▶ **What the task requires**: Could you reproduce every entry as it stands, leaving the pictures behind?
Record set START
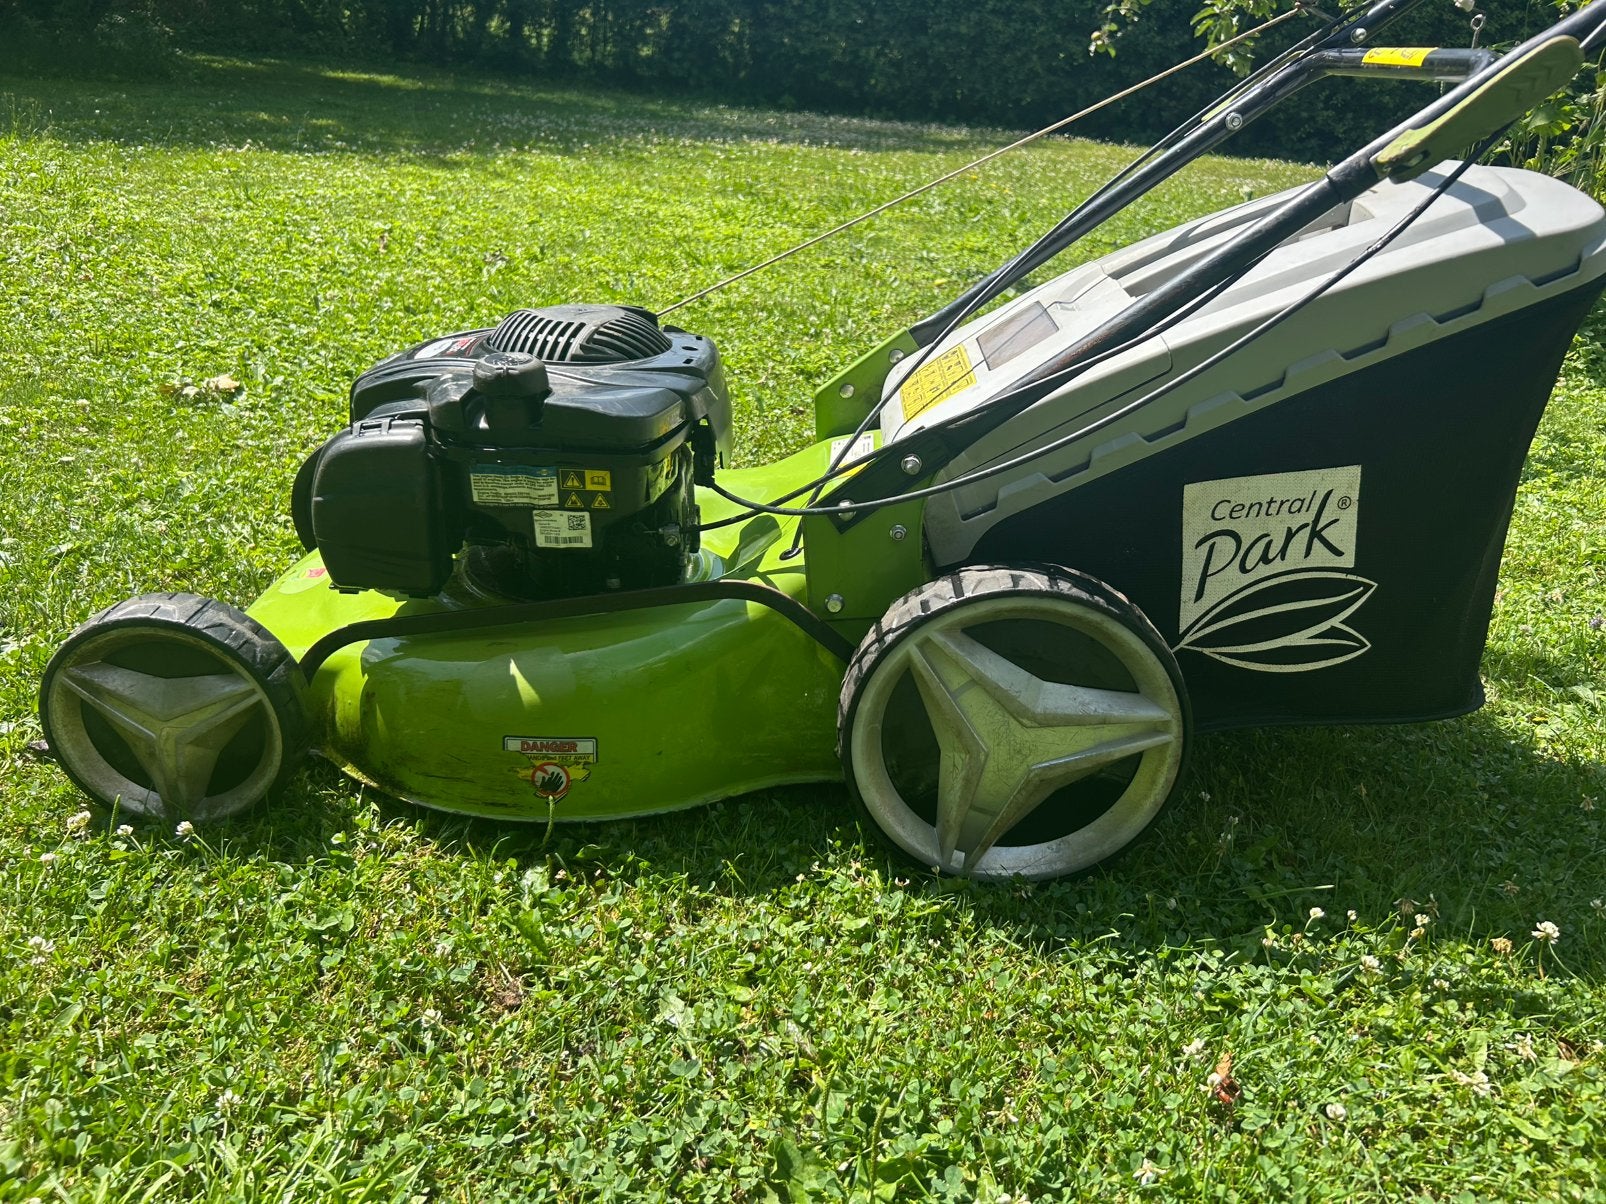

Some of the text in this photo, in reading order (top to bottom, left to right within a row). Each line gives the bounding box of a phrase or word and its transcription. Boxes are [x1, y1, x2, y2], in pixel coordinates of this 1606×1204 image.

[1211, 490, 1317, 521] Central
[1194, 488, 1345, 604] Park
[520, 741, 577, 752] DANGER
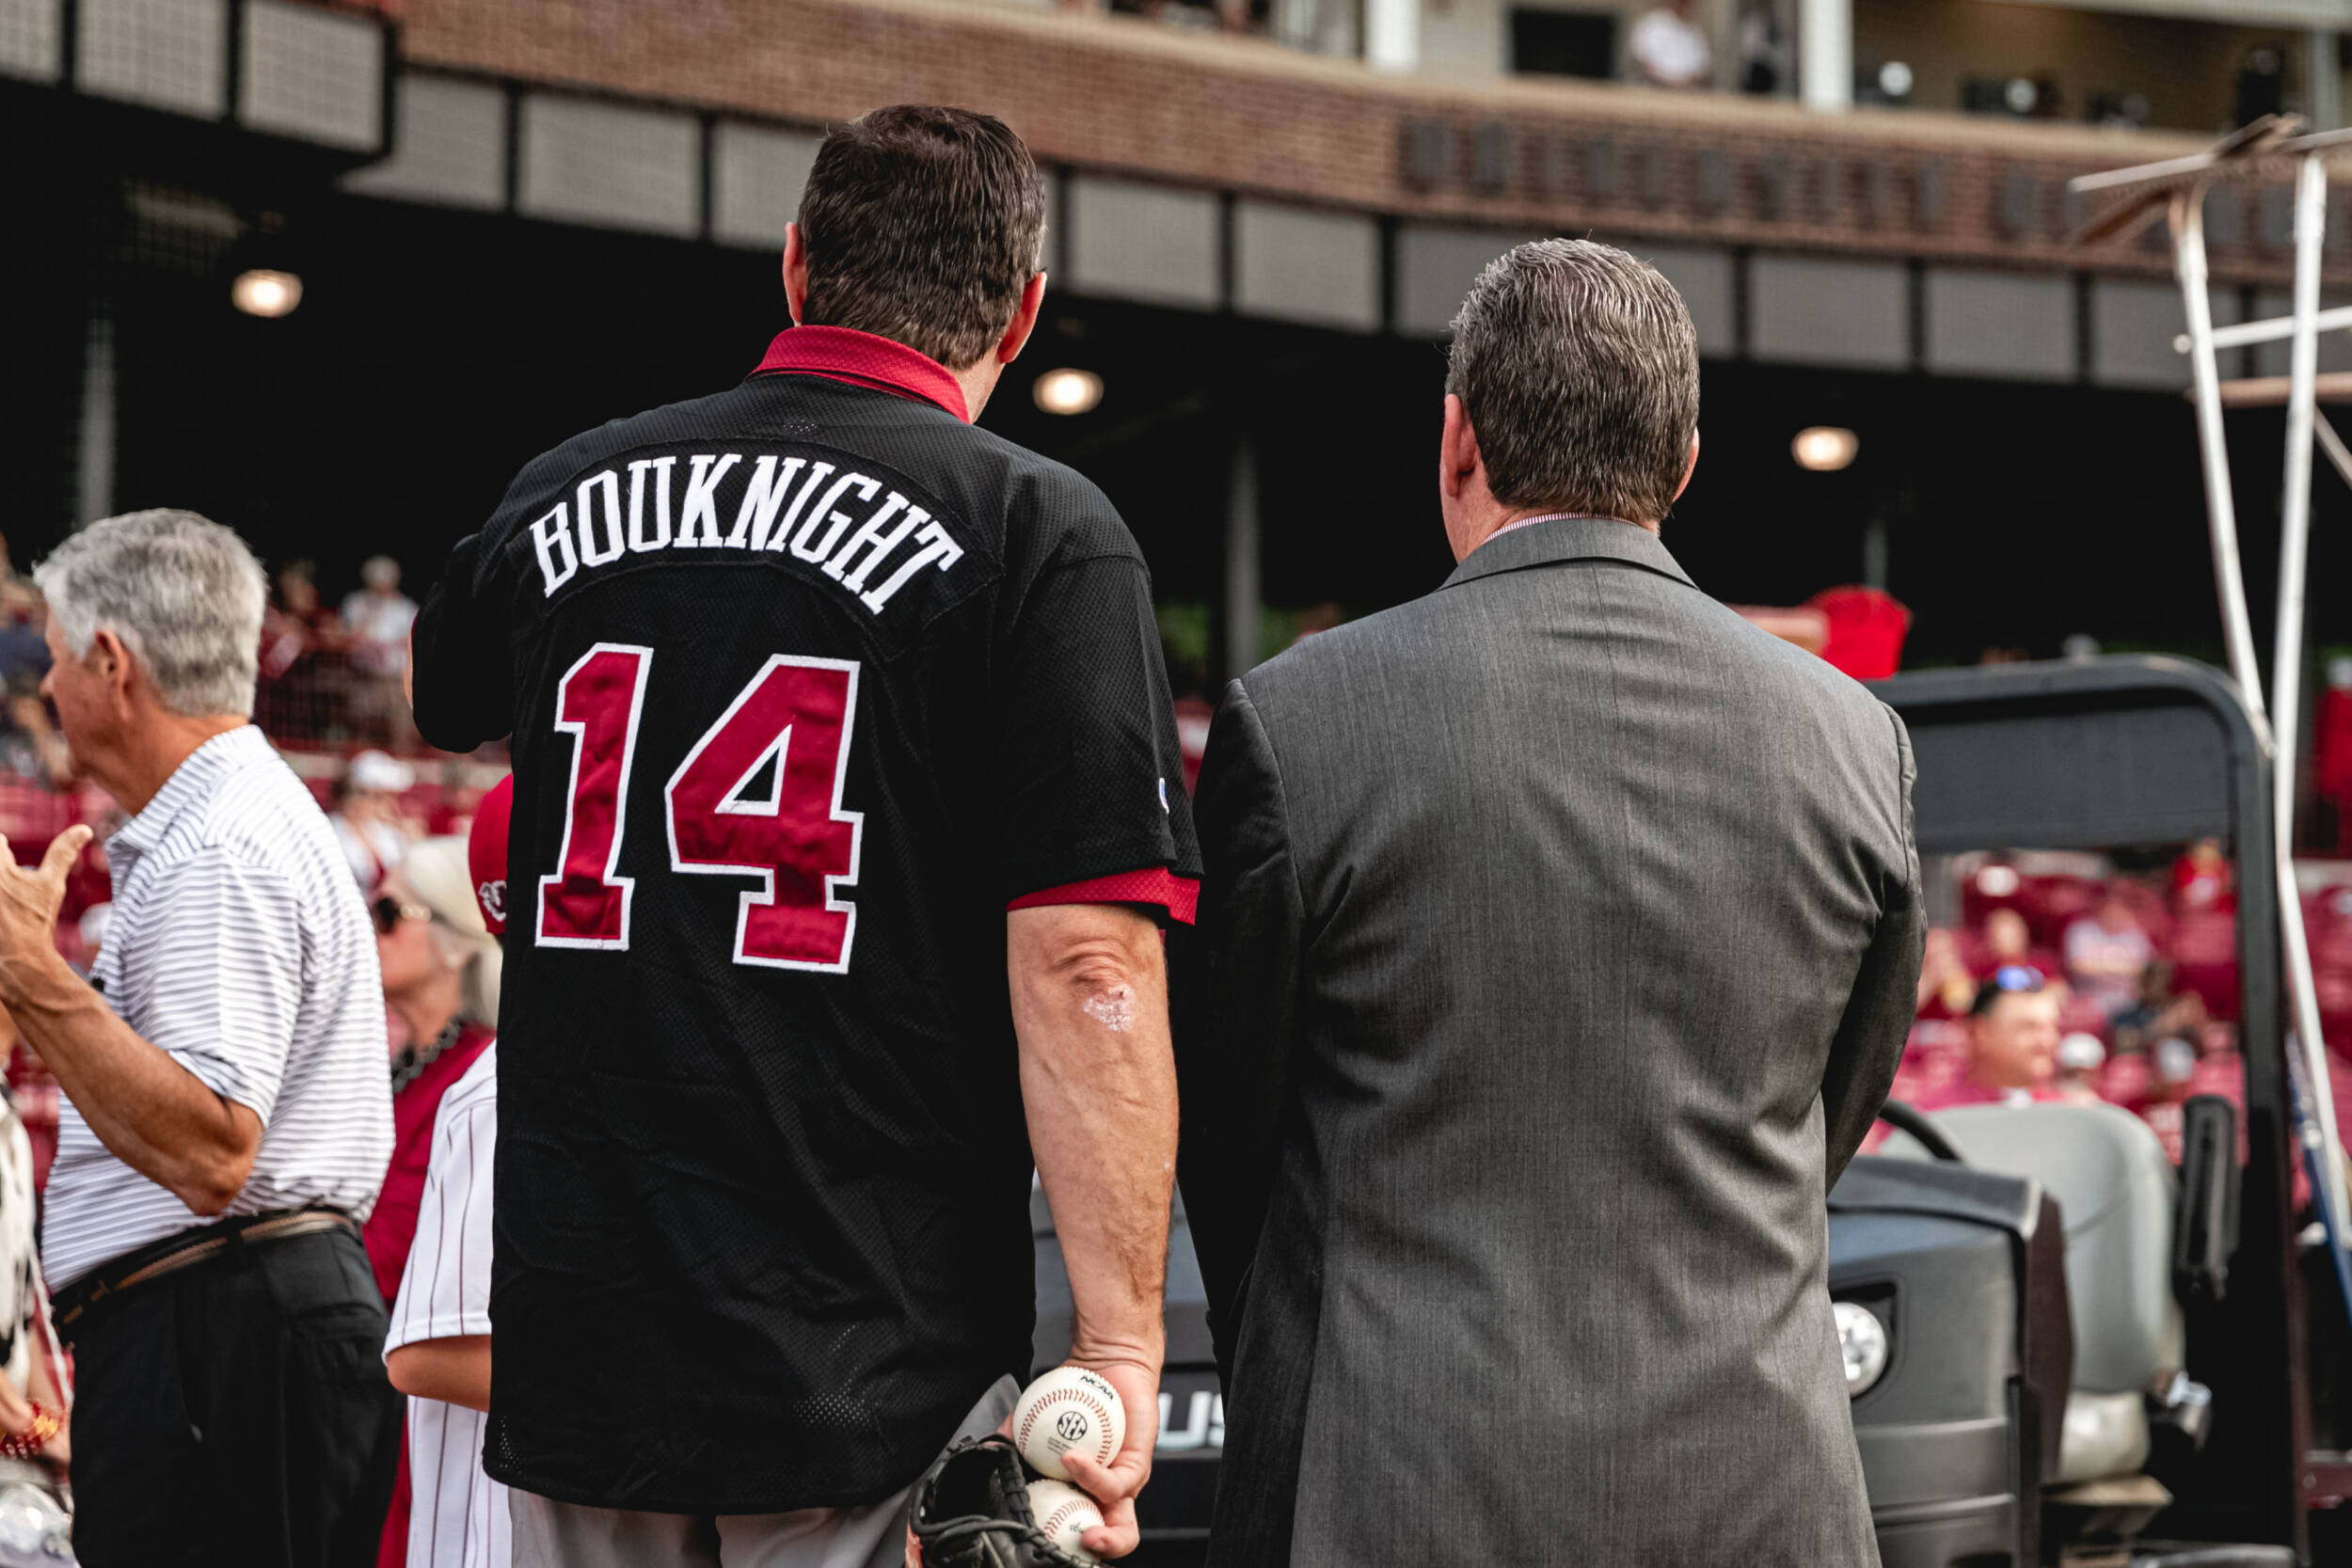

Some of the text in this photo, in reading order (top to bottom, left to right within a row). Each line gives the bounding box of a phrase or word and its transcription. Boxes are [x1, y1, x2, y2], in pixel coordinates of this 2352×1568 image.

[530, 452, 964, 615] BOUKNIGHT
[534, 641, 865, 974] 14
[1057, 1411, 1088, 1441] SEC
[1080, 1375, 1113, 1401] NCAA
Record set END
▶ **Your response**:
Some of the text in this photo, in reading order (top to bottom, left to right within a row). Each line gives the bounding box of a phrase or word and its transcription. Boxes are [x1, y1, x2, y2], in pixel coordinates of this 1606×1204 image.

[1211, 490, 1317, 521] Central
[1194, 488, 1345, 604] Park
[520, 741, 577, 752] DANGER

Some of the text in this photo, in reading order (top to bottom, left to right within a row). Each line gives the bounding box of a phrase or word and its transcription. Boxes are [x1, y1, x2, y2], in pixel coordinates of this 2352×1568 image.

[530, 452, 964, 615] BOUKNIGHT
[534, 641, 865, 974] 14
[1057, 1411, 1088, 1441] SEC
[1080, 1375, 1113, 1401] NCAA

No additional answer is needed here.